Balochistan National Party Chief Sardar Akhtar Mengal on Saturday said that the multibillion CPEC project is not meant for the progress of Balochistan and that it would transform the Baloch nation into a minority on their own soil.

That the CPEC is not meant for the development of Balochistan is true. The project is not a development fund or a welfare program. Equal allocation of resources and infrastructure has never been in the offing. Like any economic enterprise, the aim is to generate profits and enhance trade for the investor. That Pakistan gets infrastructure, trade links, jobs and boosts to its GDP are almost externalities. There is no grand conspiracy to cheat Balochistan from the benefits of the CPEC. The corridor is a Chinese investment, the benefits of which are largely in their hands to allocation.

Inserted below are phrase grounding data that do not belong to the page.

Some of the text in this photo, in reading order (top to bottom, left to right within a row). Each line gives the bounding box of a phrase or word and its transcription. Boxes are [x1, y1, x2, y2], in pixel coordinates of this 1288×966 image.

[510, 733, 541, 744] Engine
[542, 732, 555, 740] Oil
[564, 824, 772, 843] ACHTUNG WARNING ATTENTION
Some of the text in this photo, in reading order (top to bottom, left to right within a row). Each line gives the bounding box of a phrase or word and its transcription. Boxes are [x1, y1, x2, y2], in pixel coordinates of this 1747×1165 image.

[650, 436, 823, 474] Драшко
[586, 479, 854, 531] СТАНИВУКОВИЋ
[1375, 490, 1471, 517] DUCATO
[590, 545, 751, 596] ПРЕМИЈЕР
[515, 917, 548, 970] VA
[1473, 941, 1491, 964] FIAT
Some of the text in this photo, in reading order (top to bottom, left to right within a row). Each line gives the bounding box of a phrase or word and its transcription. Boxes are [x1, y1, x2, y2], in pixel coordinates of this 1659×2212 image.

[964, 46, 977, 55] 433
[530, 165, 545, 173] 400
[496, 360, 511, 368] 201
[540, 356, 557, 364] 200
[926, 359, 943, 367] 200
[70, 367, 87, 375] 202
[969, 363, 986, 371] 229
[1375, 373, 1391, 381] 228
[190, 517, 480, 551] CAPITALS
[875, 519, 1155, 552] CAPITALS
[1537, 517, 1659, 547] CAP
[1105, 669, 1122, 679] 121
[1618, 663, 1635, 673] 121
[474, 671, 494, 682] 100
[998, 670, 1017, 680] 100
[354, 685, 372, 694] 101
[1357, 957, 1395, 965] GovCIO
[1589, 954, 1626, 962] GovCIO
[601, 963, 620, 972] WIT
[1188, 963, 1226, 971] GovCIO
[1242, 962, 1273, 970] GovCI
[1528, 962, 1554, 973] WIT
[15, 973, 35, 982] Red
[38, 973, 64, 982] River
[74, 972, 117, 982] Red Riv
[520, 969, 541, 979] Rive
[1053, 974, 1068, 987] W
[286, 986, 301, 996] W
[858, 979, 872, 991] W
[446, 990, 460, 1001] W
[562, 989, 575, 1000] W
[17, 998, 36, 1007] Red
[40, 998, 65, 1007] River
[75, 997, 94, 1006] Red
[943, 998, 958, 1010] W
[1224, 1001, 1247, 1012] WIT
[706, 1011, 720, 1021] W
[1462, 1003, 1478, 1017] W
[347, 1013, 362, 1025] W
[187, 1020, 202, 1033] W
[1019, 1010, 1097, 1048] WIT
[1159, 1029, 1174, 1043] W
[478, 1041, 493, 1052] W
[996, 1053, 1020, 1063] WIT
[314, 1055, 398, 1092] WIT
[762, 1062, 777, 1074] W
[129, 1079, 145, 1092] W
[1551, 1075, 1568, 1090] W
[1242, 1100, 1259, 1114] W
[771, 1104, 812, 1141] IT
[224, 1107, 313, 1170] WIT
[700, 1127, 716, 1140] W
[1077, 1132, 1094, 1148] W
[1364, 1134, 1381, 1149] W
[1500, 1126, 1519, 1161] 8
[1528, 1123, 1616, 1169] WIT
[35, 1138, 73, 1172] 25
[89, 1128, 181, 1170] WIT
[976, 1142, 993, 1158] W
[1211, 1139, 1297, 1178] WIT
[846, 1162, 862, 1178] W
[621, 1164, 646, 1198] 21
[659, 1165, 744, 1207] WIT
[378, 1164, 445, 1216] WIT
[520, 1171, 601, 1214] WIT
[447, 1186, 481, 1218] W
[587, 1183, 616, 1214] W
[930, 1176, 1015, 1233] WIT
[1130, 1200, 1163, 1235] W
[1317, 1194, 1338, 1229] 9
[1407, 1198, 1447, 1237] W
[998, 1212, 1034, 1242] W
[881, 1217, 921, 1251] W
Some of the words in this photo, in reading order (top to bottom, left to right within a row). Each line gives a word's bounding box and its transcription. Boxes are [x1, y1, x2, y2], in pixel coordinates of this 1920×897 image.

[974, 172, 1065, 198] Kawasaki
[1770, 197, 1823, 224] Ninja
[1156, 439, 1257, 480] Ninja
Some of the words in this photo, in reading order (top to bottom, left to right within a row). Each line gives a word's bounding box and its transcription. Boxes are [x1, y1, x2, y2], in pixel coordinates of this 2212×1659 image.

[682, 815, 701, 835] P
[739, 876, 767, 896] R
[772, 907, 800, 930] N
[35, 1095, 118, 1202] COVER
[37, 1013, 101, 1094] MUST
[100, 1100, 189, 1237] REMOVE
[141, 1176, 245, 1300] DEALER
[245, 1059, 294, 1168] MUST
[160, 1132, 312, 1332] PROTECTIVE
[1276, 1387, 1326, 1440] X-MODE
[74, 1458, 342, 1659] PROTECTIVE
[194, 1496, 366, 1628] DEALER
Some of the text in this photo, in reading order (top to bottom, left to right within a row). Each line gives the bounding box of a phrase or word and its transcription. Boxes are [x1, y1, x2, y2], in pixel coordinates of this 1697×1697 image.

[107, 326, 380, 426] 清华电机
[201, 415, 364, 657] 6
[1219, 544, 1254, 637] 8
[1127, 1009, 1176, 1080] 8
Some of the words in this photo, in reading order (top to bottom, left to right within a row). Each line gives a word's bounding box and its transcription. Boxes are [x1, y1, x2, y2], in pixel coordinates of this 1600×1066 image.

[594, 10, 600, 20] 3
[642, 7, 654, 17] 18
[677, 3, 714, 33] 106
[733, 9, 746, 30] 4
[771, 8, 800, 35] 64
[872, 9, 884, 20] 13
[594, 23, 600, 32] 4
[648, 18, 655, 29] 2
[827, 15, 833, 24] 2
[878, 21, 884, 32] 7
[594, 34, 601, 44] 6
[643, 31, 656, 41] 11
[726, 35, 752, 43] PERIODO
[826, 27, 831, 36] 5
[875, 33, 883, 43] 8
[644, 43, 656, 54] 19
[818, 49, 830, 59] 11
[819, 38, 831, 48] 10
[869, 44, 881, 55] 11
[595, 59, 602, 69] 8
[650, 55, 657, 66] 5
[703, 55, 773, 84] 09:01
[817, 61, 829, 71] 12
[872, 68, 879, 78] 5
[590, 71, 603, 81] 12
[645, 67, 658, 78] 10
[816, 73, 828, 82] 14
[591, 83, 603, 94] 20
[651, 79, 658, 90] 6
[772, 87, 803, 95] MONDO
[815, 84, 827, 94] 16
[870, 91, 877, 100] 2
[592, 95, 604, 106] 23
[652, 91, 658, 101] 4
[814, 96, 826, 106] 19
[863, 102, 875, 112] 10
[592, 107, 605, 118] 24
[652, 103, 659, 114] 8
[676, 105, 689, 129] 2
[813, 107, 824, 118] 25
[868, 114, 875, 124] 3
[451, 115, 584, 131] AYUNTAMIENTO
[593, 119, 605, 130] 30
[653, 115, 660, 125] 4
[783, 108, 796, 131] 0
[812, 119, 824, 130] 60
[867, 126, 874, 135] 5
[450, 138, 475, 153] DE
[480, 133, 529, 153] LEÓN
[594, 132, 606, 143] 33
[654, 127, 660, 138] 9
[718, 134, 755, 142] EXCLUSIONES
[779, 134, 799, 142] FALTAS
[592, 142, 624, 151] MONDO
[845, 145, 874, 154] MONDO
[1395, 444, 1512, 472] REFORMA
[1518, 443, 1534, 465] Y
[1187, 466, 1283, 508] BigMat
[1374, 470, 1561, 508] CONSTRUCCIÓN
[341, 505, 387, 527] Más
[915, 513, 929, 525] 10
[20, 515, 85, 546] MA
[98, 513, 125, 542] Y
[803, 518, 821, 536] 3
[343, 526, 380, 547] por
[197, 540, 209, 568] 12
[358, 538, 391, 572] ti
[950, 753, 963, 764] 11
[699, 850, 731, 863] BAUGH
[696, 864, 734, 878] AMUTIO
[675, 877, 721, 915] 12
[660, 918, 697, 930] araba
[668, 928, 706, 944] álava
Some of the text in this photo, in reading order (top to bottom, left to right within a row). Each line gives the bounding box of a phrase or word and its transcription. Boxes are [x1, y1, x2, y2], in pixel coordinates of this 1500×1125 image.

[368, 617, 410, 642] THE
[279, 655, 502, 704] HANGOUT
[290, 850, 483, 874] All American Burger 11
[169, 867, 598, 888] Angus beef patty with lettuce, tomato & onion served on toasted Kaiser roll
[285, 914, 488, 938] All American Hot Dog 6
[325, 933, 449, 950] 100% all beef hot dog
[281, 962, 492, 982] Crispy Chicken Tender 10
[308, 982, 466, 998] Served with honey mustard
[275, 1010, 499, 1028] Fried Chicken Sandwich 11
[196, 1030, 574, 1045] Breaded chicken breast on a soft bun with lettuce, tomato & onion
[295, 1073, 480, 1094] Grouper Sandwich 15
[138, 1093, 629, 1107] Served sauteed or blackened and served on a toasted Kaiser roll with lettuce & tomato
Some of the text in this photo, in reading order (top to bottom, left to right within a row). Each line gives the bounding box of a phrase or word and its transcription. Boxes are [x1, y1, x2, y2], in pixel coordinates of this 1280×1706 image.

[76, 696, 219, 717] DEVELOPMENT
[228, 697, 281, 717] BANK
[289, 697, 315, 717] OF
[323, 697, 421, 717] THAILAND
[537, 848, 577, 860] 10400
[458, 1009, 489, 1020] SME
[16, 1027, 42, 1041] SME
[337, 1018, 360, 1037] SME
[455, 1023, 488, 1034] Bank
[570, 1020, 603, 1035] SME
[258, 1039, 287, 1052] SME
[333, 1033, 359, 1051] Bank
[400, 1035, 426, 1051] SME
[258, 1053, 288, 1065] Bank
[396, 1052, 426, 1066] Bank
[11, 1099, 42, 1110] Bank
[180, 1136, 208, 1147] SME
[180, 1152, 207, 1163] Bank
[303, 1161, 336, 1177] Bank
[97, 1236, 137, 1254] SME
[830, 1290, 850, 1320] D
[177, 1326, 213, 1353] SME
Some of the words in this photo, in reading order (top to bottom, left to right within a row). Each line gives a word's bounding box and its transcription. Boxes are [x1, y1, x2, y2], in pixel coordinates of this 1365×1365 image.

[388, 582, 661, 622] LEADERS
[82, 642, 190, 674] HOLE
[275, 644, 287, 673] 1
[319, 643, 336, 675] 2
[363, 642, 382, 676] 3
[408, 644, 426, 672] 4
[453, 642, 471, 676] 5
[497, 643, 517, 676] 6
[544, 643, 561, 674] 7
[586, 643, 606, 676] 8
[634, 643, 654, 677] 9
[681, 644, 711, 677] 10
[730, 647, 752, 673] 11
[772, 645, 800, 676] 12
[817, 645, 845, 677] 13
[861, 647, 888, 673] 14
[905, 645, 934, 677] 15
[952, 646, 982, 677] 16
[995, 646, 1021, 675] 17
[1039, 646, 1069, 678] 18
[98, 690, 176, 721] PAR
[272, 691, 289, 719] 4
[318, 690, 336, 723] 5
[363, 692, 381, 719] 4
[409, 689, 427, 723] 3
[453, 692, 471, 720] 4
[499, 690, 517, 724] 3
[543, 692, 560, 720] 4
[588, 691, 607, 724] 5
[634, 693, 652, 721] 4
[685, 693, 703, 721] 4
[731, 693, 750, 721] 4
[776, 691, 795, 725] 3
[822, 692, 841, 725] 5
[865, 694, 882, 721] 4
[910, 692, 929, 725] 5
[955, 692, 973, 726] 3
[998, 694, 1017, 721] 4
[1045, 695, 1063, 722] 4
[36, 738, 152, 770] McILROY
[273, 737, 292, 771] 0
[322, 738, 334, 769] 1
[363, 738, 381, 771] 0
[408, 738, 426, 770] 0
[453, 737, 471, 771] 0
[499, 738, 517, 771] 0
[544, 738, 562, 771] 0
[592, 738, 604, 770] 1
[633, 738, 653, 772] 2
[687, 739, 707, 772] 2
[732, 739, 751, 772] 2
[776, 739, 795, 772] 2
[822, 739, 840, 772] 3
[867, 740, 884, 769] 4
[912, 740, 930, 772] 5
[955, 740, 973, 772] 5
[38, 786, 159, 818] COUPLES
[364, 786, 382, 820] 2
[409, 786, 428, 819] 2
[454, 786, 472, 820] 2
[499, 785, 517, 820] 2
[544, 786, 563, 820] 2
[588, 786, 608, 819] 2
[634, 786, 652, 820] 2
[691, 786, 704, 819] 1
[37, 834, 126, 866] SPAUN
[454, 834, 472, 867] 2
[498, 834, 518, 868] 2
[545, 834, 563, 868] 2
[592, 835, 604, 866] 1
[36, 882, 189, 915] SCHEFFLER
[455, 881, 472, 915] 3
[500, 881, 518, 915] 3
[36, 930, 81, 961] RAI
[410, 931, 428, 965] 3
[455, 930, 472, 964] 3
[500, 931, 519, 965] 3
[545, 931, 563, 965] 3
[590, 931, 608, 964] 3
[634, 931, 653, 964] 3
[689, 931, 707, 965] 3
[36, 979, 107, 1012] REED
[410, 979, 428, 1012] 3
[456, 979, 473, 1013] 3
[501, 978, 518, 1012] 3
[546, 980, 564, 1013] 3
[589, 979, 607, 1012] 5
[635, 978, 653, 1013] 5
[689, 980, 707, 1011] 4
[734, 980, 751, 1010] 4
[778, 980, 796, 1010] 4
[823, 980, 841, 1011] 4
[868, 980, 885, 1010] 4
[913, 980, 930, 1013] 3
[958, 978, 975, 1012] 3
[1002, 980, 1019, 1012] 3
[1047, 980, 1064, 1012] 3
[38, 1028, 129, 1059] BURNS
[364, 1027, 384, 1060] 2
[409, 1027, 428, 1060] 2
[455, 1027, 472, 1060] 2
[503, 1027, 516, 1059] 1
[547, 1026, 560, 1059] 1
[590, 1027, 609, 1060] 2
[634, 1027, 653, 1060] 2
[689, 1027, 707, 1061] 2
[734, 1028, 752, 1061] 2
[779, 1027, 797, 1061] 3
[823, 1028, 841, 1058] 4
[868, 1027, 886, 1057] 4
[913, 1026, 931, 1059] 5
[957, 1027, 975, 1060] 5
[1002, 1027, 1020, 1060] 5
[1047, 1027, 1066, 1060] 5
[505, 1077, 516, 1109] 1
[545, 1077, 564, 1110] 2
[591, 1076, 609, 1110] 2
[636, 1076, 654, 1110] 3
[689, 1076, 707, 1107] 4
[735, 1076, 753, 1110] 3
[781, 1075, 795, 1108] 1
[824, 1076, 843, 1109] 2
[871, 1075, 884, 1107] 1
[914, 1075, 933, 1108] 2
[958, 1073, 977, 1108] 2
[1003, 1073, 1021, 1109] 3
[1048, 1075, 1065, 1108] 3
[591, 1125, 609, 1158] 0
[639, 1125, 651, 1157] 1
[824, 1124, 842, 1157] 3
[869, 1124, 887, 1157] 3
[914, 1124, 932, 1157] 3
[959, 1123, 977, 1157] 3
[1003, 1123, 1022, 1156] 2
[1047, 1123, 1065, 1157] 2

Yet, it would be unwise to just dismiss the concern over Balochistan’s share, seeing it repressed and underdeveloped over the years. Even if the CPEC was based just in the province, the project would be subject to power politics, the home of which is the Punjab (as well as susceptible to elite capture within Balochistan). Last year in October, Sardar Akhtar Jan Mengal, chief of the Balochistan National Party-Mengal (BNP-M) said that it was important to pass legislation which would protect the people of Balochistan and “not let them become a minority in the port city of Gwadar”. The Federal Government must treat this as in important concern, because unresolved economic conflict can foment insurgencies, and will end up putting the CPEC at risk.

“We are not seeing any development. Even our people do not have access to hospitals for treatment, not to speak of development,” Mengal has lamented. This again cannot be dismissed, the state has to build for social development, but the CPEC is not the sole vehicle for all development and progress in Pakistan. However, Mengal also expressed reservations over the CPEC and the census, which he termed a conspiracy to convert the Baloch nation into a minority, and this perception must be dispelled. The census is absolutely necessary to understand the demographics of Balochistan and to model its economic development. Without the numbers, we are groping in the dark to understand the province and its economic situation.

The situation of the Pakistani economy is improving. While income inequalities will continue to exist, there will be a general improvement of the standard of living of Pakistanis in the coming years. In this scenario, constant criticism of the CPEC is not helpful, and will sabotage our growth trajectory. Instead, activists in Balochistan must demand better welfare policies from the provincial and federal governments.